234 Monroe, Bill - Upon looking at Brent’s MLE’s, Monroe stats seem to fit a HOM profile. Projected 8100 PA’s, OPS+ 133, with positive defensive value. His fielding reputation is shown as being equal to or greater than Jimmy Collins. He appeared to bat in key lineup spots on great teams. Good enough to play 2B/3B in his time defensively and with the stick. As for reputations, resident Negro Leagues expert Gary A mentioned four players worthy of Hall of Fame induction in an interview recently with Scott Simkus. Three of those (John Beckwith, Home Run Johnson, and Dick Lundy) have been elected. The other is Monroe.
237 McCormick, Jim - 1880s hurler standout -tough to gauge pre-1893 era pitching properly, but I'll give a nod to McCormick.
238 Pike, Lip - very challenging 1860/70s player who I'll place above the line.
241 Boyer, Ken - enough to nudge him across the line with Korean war credit.
242 Bell, Buddy - I'll take him over Bando and Leach, but the battle is close.
243 Pierce, Billy - 1950s hurler from era lacking in electees.
244 Tiant, Luis - right on the in/out line - what a windup.

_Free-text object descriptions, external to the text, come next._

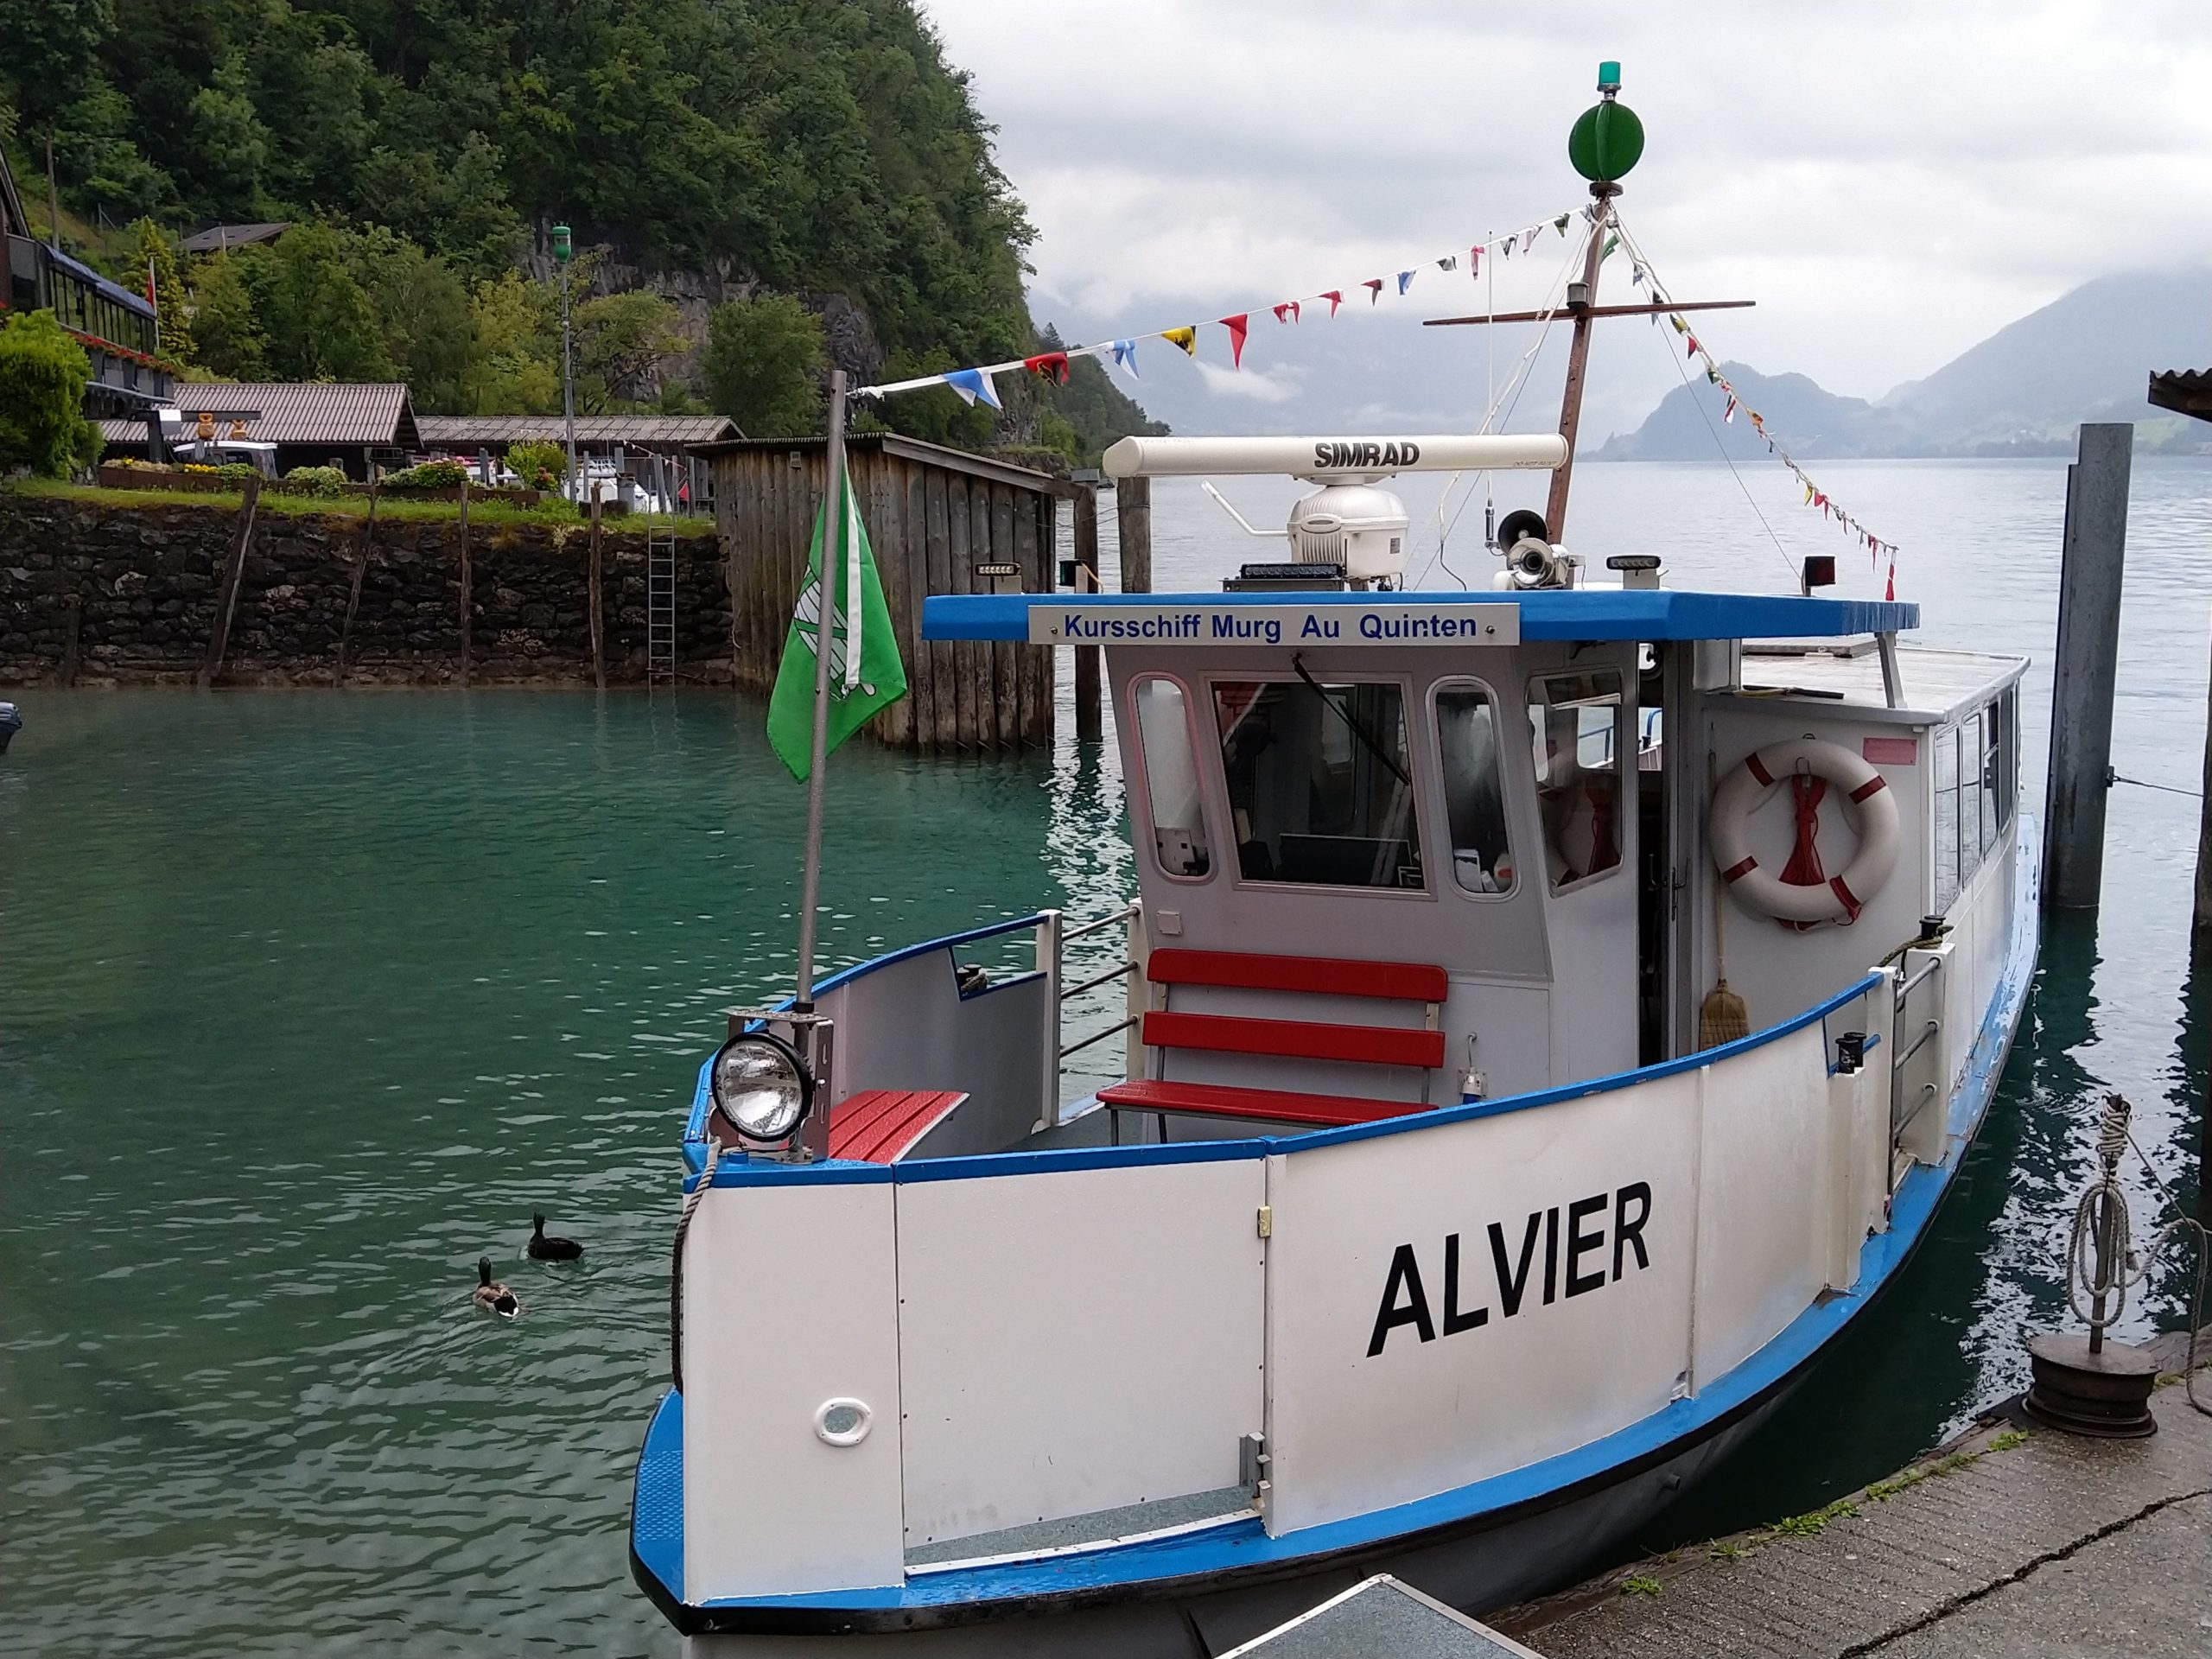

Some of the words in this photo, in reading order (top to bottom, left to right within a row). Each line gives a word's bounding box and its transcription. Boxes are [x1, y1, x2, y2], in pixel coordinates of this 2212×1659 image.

[1314, 442, 1420, 467] SIMRAD
[1064, 613, 1201, 639] Kursschiff
[1211, 614, 1281, 643] Murg
[1300, 614, 1340, 639] Au
[1359, 613, 1477, 639] Quinten
[1366, 1181, 1651, 1357] ALVIER

Worthy of consideration and better than the already elected bottom tier Hall of Famers:
Willie Randolph - I would take him instead of Nellie Fox or Red Schoendienst. An overlooked Yankee great.
   37. The Id of SugarBear Blanks Posted: December 28, 2010 at 08:31 PM (#3719003)
Alomar
Bagwell
Blyleven
Larkin
Edgar
McGriff
Morris
Raines
Trammell
Walker

Those would be the only ones I would name even if there wasn't a 10-vote limit. My 11th would be Kevin Brown and if I had a ballot, I'd wait a year and come back to him. McGwire and Palmeiro are PED-adjusted out, the latter without ambiguity or remorse. Parker's late-70s was better than Rice's, his "comeback" was admirable, and he was a better player than Rice, but the Cobra ultimately squandered HOF talent. Raines should have been elected on the first or second ballot, and Trammell on the third or fourth.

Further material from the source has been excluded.